(Beginning of Records for this exercise)

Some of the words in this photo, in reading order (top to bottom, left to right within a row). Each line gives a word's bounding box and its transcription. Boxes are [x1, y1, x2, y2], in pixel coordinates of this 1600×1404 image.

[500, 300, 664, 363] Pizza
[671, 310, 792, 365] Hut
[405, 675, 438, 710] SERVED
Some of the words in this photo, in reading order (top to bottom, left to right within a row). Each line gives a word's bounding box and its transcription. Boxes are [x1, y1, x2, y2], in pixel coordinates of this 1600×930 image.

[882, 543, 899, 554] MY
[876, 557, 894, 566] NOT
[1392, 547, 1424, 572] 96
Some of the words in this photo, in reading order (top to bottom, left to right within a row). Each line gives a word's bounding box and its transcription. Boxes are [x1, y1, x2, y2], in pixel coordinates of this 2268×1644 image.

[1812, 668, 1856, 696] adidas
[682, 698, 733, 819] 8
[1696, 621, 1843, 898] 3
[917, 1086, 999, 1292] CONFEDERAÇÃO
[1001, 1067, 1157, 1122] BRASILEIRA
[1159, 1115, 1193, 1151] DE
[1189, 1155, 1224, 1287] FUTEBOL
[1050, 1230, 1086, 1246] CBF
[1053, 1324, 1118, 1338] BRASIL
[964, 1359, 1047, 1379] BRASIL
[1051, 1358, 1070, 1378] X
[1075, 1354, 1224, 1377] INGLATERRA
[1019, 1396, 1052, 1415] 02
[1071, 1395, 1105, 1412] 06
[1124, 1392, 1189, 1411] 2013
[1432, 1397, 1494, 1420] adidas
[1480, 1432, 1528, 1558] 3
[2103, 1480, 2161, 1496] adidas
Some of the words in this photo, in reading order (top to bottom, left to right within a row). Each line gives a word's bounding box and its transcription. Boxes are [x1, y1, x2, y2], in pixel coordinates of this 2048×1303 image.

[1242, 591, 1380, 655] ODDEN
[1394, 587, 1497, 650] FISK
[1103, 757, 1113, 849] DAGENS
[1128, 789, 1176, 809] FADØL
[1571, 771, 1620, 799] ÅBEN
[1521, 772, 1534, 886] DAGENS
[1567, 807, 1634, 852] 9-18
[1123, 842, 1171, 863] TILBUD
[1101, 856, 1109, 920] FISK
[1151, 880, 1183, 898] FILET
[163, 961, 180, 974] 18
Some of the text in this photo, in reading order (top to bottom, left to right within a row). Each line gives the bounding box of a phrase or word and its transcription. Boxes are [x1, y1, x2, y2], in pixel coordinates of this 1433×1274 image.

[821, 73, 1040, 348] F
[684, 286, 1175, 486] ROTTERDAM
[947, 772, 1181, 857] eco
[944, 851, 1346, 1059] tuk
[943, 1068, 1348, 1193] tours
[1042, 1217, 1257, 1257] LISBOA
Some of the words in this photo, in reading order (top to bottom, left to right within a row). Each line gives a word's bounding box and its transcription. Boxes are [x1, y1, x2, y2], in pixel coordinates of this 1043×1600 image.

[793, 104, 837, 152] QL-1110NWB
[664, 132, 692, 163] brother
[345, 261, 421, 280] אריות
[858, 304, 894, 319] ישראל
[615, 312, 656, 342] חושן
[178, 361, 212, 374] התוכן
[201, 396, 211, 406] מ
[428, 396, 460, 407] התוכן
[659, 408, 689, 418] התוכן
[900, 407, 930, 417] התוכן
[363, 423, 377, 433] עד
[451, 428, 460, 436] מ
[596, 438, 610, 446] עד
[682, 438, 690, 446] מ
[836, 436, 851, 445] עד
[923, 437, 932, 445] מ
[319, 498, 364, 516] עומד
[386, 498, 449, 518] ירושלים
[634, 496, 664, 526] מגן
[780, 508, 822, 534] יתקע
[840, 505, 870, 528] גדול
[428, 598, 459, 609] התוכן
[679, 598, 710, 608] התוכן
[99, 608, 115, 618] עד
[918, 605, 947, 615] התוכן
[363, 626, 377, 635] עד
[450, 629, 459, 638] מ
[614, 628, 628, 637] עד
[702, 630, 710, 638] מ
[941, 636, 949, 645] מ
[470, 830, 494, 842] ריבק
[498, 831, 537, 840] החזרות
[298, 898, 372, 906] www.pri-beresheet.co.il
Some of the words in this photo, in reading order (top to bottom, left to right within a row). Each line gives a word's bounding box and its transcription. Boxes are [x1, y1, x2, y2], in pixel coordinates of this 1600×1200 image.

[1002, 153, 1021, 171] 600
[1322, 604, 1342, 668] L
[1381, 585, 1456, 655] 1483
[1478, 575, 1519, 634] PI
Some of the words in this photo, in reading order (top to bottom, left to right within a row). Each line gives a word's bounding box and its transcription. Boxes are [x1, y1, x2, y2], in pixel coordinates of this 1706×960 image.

(End of Records for this exercise)

Your answer must be an exact copy of every record.

_Response for this exercise_
Some of the words in this photo, in reading order (top to bottom, left to right within a row). Each line gives a word's bounding box and its transcription. Boxes are [x1, y1, x2, y2], in pixel coordinates of this 1600×1404 image.

[500, 300, 664, 363] Pizza
[671, 310, 792, 365] Hut
[405, 675, 438, 710] SERVED
Some of the words in this photo, in reading order (top to bottom, left to right within a row). Each line gives a word's bounding box and its transcription. Boxes are [x1, y1, x2, y2], in pixel coordinates of this 1600×930 image.

[882, 543, 899, 554] MY
[876, 557, 894, 566] NOT
[1392, 547, 1424, 572] 96
Some of the words in this photo, in reading order (top to bottom, left to right within a row). Each line gives a word's bounding box and its transcription. Boxes are [x1, y1, x2, y2], in pixel coordinates of this 2268×1644 image.

[1812, 668, 1856, 696] adidas
[682, 698, 733, 819] 8
[1696, 621, 1843, 898] 3
[917, 1086, 999, 1292] CONFEDERAÇÃO
[1001, 1067, 1157, 1122] BRASILEIRA
[1159, 1115, 1193, 1151] DE
[1189, 1155, 1224, 1287] FUTEBOL
[1050, 1230, 1086, 1246] CBF
[1053, 1324, 1118, 1338] BRASIL
[964, 1359, 1047, 1379] BRASIL
[1051, 1358, 1070, 1378] X
[1075, 1354, 1224, 1377] INGLATERRA
[1019, 1396, 1052, 1415] 02
[1071, 1395, 1105, 1412] 06
[1124, 1392, 1189, 1411] 2013
[1432, 1397, 1494, 1420] adidas
[1480, 1432, 1528, 1558] 3
[2103, 1480, 2161, 1496] adidas
Some of the words in this photo, in reading order (top to bottom, left to right within a row). Each line gives a word's bounding box and its transcription. Boxes are [x1, y1, x2, y2], in pixel coordinates of this 2048×1303 image.

[1242, 591, 1380, 655] ODDEN
[1394, 587, 1497, 650] FISK
[1103, 757, 1113, 849] DAGENS
[1128, 789, 1176, 809] FADØL
[1571, 771, 1620, 799] ÅBEN
[1521, 772, 1534, 886] DAGENS
[1567, 807, 1634, 852] 9-18
[1123, 842, 1171, 863] TILBUD
[1101, 856, 1109, 920] FISK
[1151, 880, 1183, 898] FILET
[163, 961, 180, 974] 18
Some of the text in this photo, in reading order (top to bottom, left to right within a row). Each line gives the bounding box of a phrase or word and its transcription. Boxes are [x1, y1, x2, y2], in pixel coordinates of this 1433×1274 image.

[821, 73, 1040, 348] F
[684, 286, 1175, 486] ROTTERDAM
[947, 772, 1181, 857] eco
[944, 851, 1346, 1059] tuk
[943, 1068, 1348, 1193] tours
[1042, 1217, 1257, 1257] LISBOA
Some of the words in this photo, in reading order (top to bottom, left to right within a row). Each line gives a word's bounding box and its transcription. Boxes are [x1, y1, x2, y2], in pixel coordinates of this 1043×1600 image.

[793, 104, 837, 152] QL-1110NWB
[664, 132, 692, 163] brother
[345, 261, 421, 280] אריות
[858, 304, 894, 319] ישראל
[615, 312, 656, 342] חושן
[178, 361, 212, 374] התוכן
[201, 396, 211, 406] מ
[428, 396, 460, 407] התוכן
[659, 408, 689, 418] התוכן
[900, 407, 930, 417] התוכן
[363, 423, 377, 433] עד
[451, 428, 460, 436] מ
[596, 438, 610, 446] עד
[682, 438, 690, 446] מ
[836, 436, 851, 445] עד
[923, 437, 932, 445] מ
[319, 498, 364, 516] עומד
[386, 498, 449, 518] ירושלים
[634, 496, 664, 526] מגן
[780, 508, 822, 534] יתקע
[840, 505, 870, 528] גדול
[428, 598, 459, 609] התוכן
[679, 598, 710, 608] התוכן
[99, 608, 115, 618] עד
[918, 605, 947, 615] התוכן
[363, 626, 377, 635] עד
[450, 629, 459, 638] מ
[614, 628, 628, 637] עד
[702, 630, 710, 638] מ
[941, 636, 949, 645] מ
[470, 830, 494, 842] ריבק
[498, 831, 537, 840] החזרות
[298, 898, 372, 906] www.pri-beresheet.co.il
Some of the words in this photo, in reading order (top to bottom, left to right within a row). Each line gives a word's bounding box and its transcription. Boxes are [x1, y1, x2, y2], in pixel coordinates of this 1600×1200 image.

[1002, 153, 1021, 171] 600
[1322, 604, 1342, 668] L
[1381, 585, 1456, 655] 1483
[1478, 575, 1519, 634] PI
Some of the words in this photo, in reading order (top to bottom, left to right within a row). Each line gives a word's bounding box and its transcription. Boxes are [x1, y1, x2, y2], in pixel coordinates of this 1706×960 image.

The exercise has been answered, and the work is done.